WHAT IS BEING ASKED
Your answer must be the records below repeated word for word, with no pictures in it.

MATERIAL SUPPLIED
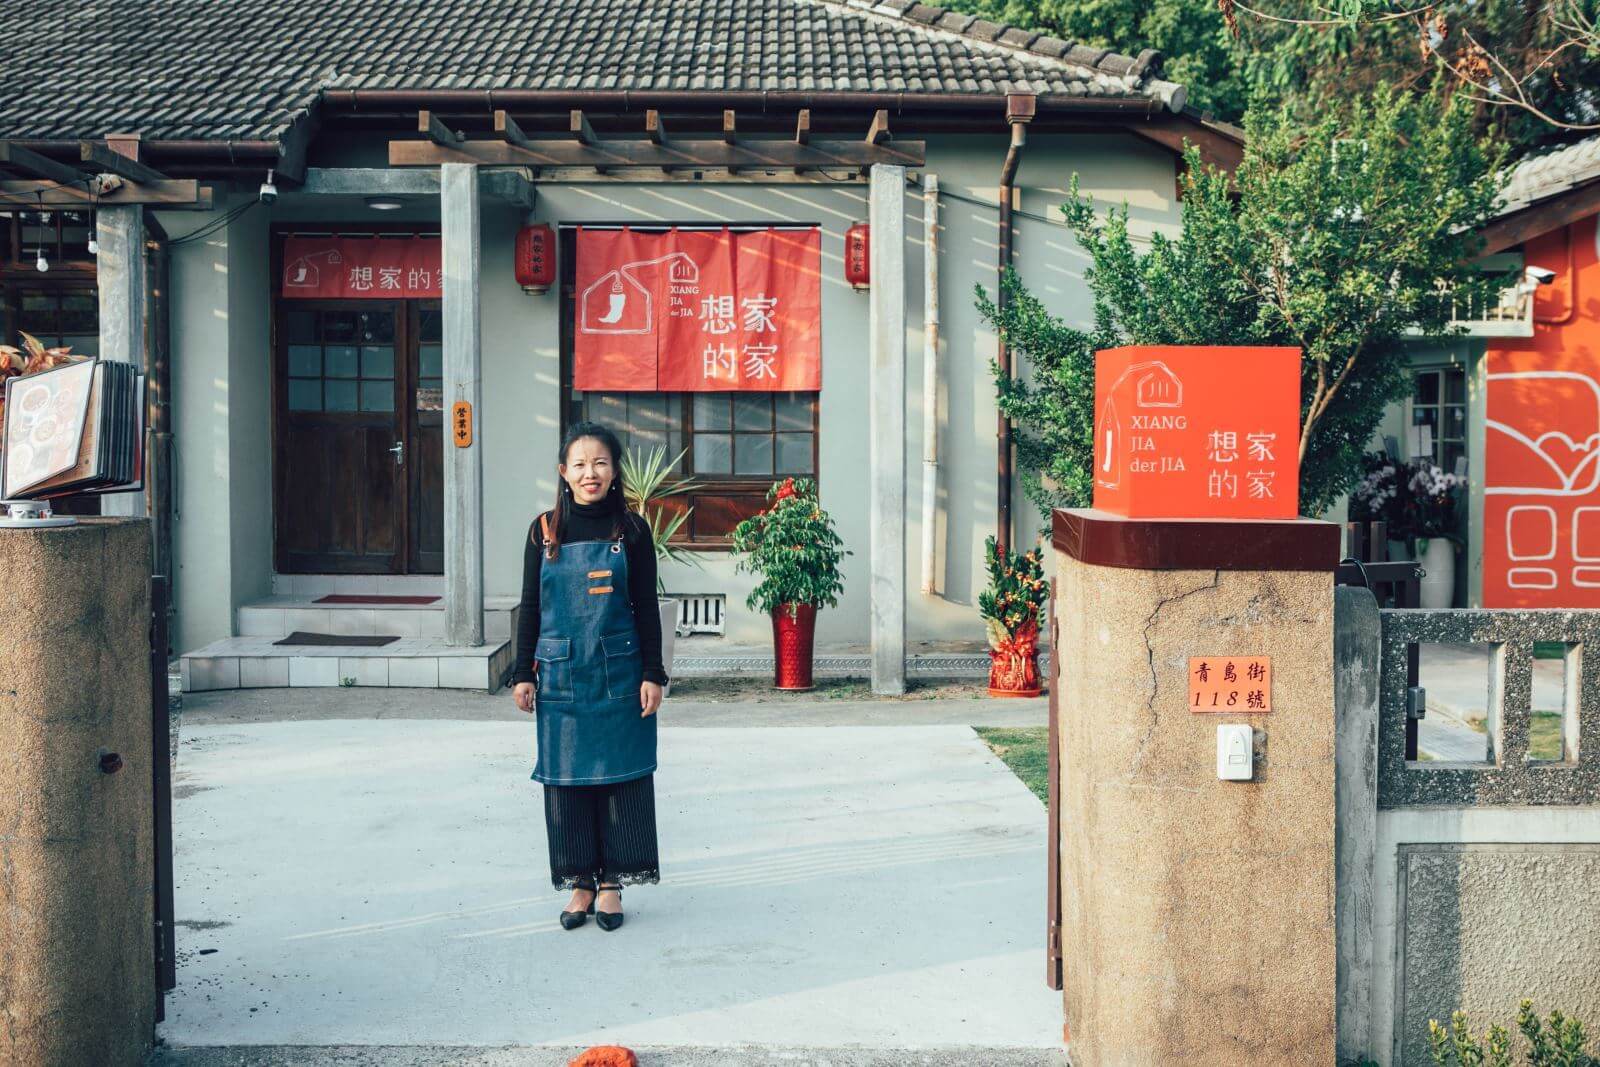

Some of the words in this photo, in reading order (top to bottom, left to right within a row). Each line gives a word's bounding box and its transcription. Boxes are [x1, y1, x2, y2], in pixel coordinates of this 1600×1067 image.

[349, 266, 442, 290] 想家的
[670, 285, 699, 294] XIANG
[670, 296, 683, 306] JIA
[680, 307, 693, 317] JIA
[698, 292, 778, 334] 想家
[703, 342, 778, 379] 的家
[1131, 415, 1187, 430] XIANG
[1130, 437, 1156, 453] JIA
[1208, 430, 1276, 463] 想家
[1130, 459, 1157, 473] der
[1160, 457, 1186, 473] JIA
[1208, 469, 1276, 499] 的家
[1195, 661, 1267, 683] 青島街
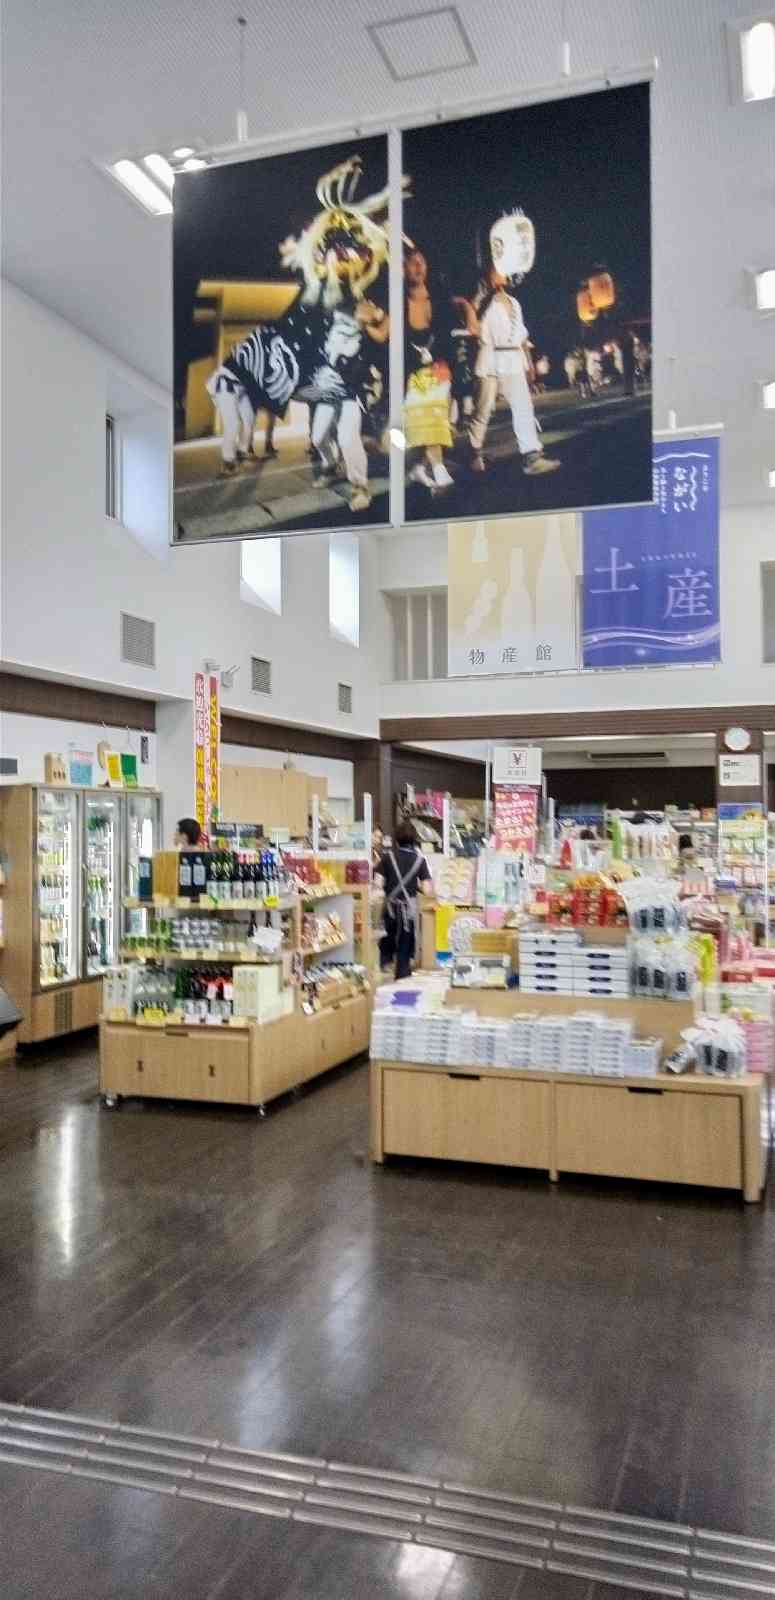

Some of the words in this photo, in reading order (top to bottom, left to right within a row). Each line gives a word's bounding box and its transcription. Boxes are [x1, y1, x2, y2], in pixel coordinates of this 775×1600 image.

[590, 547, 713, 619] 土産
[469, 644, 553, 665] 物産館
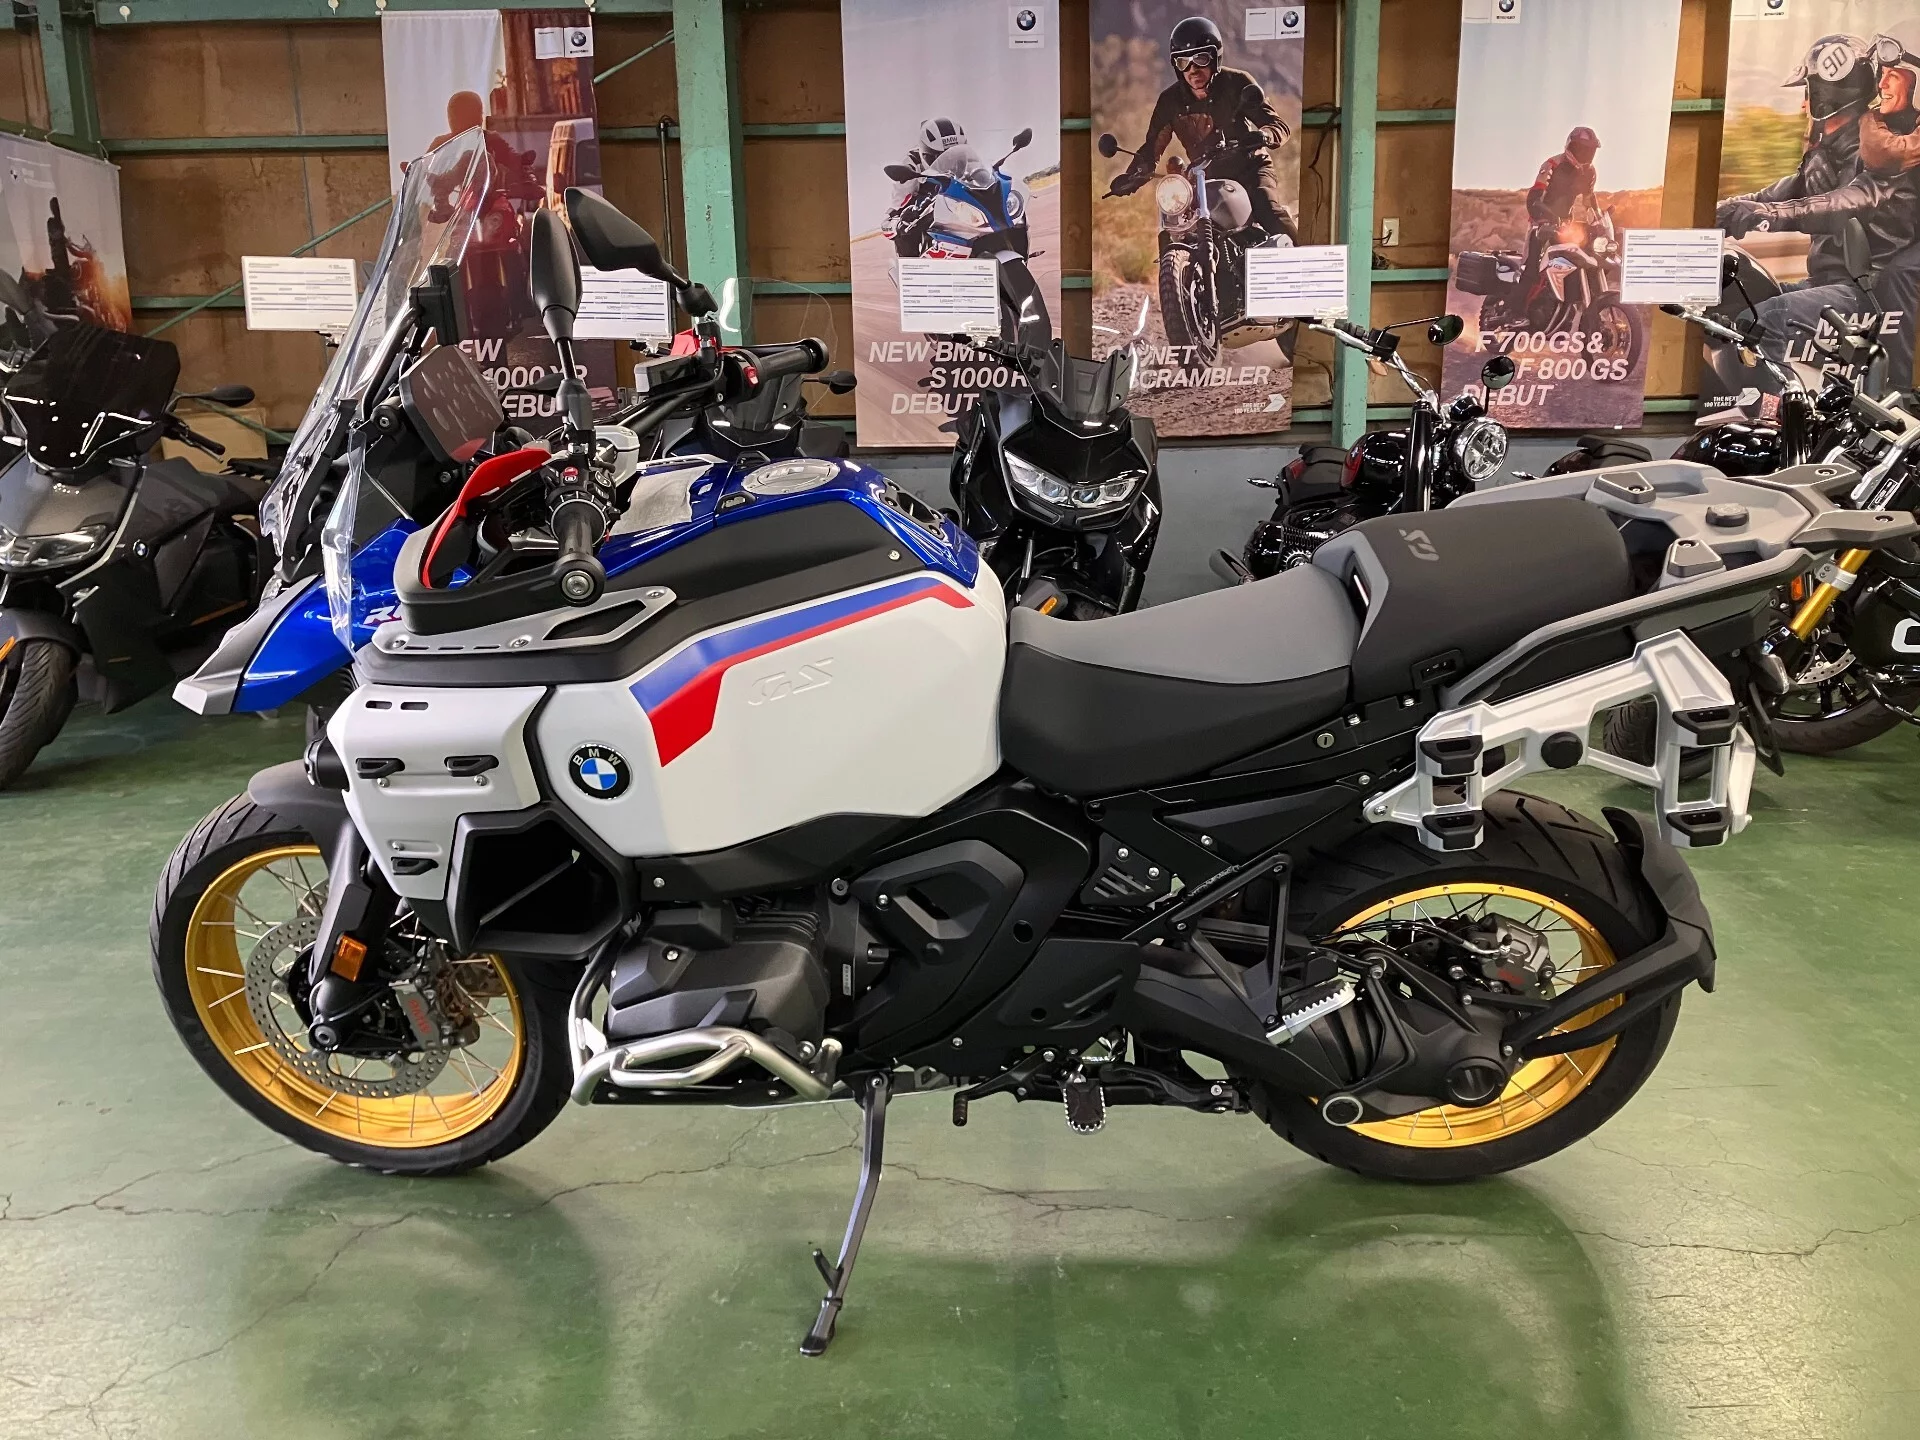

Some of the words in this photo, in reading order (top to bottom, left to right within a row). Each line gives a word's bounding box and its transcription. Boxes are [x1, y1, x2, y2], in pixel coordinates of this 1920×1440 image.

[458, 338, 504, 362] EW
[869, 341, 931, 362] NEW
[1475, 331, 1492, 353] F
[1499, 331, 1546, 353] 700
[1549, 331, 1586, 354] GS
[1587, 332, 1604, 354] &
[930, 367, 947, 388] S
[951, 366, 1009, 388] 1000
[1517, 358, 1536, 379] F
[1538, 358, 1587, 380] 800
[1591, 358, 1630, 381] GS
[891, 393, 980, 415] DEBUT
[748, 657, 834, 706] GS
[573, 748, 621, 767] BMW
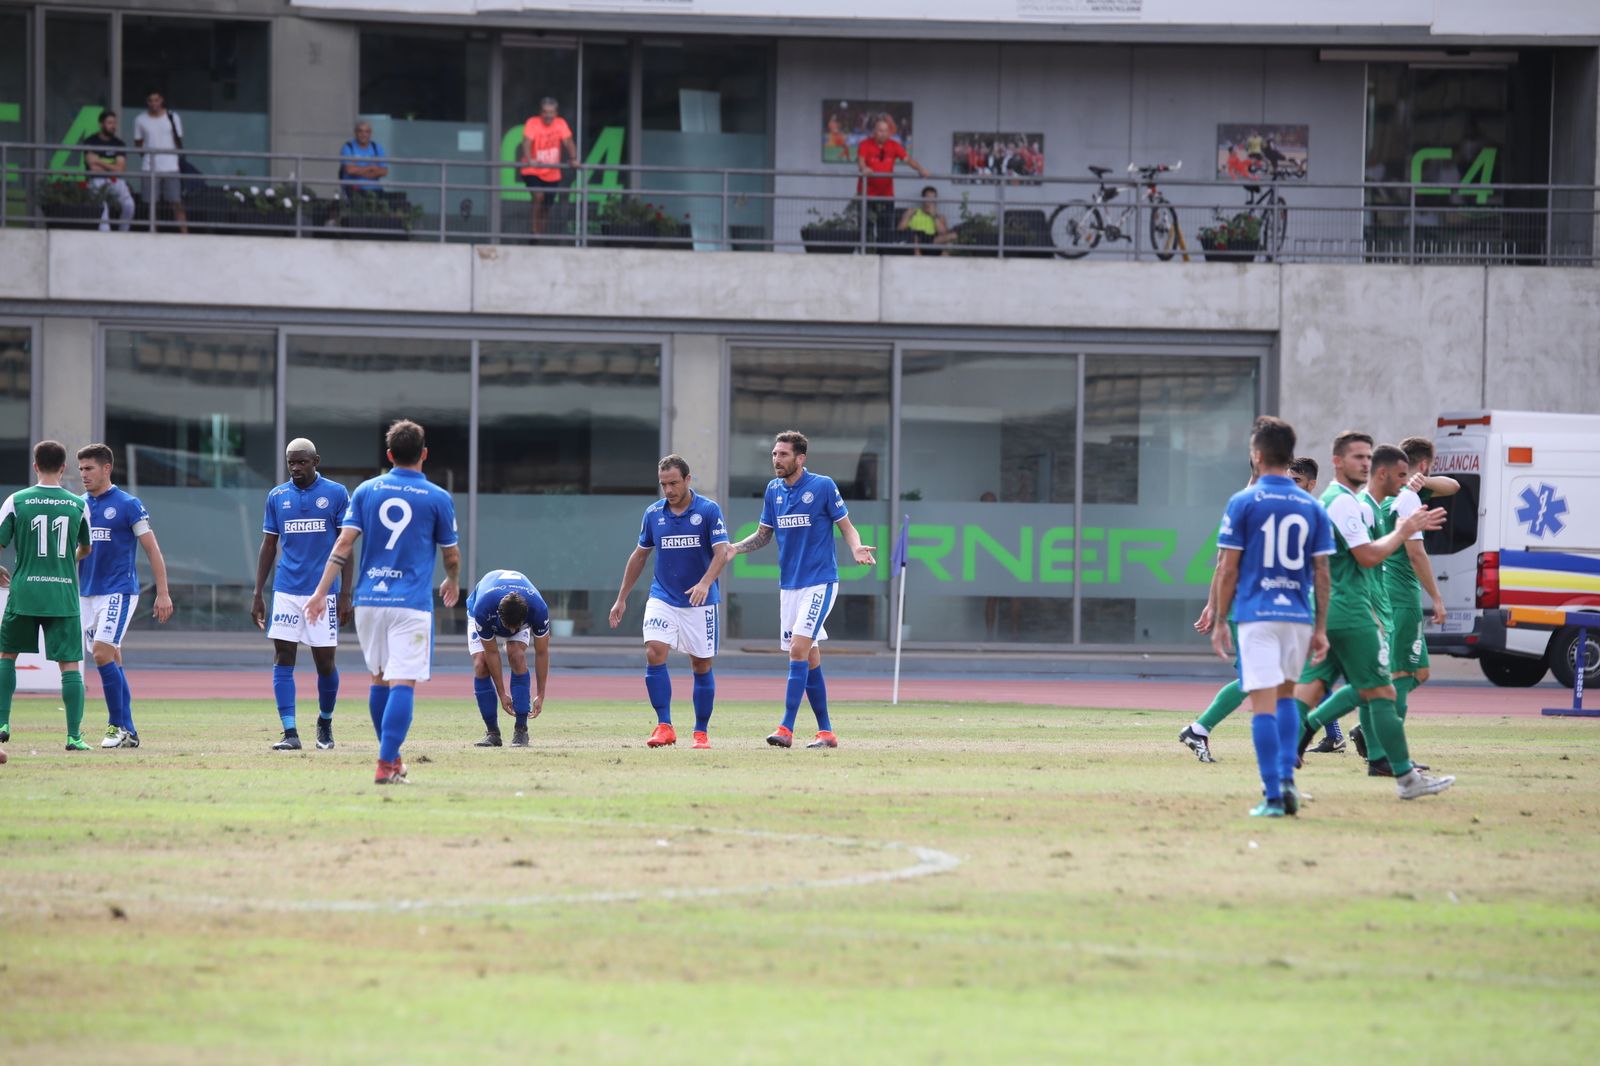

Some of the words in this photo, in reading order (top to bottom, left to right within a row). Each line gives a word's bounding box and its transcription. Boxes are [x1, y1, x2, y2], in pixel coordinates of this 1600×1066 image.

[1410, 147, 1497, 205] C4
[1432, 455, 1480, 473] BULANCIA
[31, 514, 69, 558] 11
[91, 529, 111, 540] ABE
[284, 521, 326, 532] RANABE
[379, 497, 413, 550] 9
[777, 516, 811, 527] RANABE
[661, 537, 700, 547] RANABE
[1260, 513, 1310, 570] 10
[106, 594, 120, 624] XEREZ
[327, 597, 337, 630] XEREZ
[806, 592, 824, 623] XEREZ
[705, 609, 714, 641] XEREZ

THE COMPLETED TASK
Some of the words in this photo, in reading order (top to bottom, left to right within a row). Each line gives a word's bounding box and its transcription. Boxes are [x1, y1, x2, y2], in pixel coordinates of this 1600×1067 image.

[349, 266, 442, 290] 想家的
[670, 285, 699, 294] XIANG
[670, 296, 683, 306] JIA
[680, 307, 693, 317] JIA
[698, 292, 778, 334] 想家
[703, 342, 778, 379] 的家
[1131, 415, 1187, 430] XIANG
[1130, 437, 1156, 453] JIA
[1208, 430, 1276, 463] 想家
[1130, 459, 1157, 473] der
[1160, 457, 1186, 473] JIA
[1208, 469, 1276, 499] 的家
[1195, 661, 1267, 683] 青島街

Some of the words in this photo, in reading order (top to bottom, left to right within a row). Each line gives a word's bounding box and its transcription. Boxes are [x1, y1, x2, y2], in pixel coordinates of this 775×1600 image.

[590, 547, 713, 619] 土産
[469, 644, 553, 665] 物産館

Some of the words in this photo, in reading order (top to bottom, left to right within a row). Each line gives a word's bounding box and its transcription. Boxes are [x1, y1, x2, y2], in pixel coordinates of this 1920×1440 image.

[458, 338, 504, 362] EW
[869, 341, 931, 362] NEW
[1475, 331, 1492, 353] F
[1499, 331, 1546, 353] 700
[1549, 331, 1586, 354] GS
[1587, 332, 1604, 354] &
[930, 367, 947, 388] S
[951, 366, 1009, 388] 1000
[1517, 358, 1536, 379] F
[1538, 358, 1587, 380] 800
[1591, 358, 1630, 381] GS
[891, 393, 980, 415] DEBUT
[748, 657, 834, 706] GS
[573, 748, 621, 767] BMW

Some of the words in this photo, in reading order (top to bottom, left to right within a row). Each line gives a word's bounding box and its transcription. Boxes are [x1, y1, x2, y2], in pixel coordinates of this 1600×1066 image.

[1410, 147, 1497, 205] C4
[1432, 455, 1480, 473] BULANCIA
[31, 514, 69, 558] 11
[91, 529, 111, 540] ABE
[284, 521, 326, 532] RANABE
[379, 497, 413, 550] 9
[777, 516, 811, 527] RANABE
[661, 537, 700, 547] RANABE
[1260, 513, 1310, 570] 10
[106, 594, 120, 624] XEREZ
[327, 597, 337, 630] XEREZ
[806, 592, 824, 623] XEREZ
[705, 609, 714, 641] XEREZ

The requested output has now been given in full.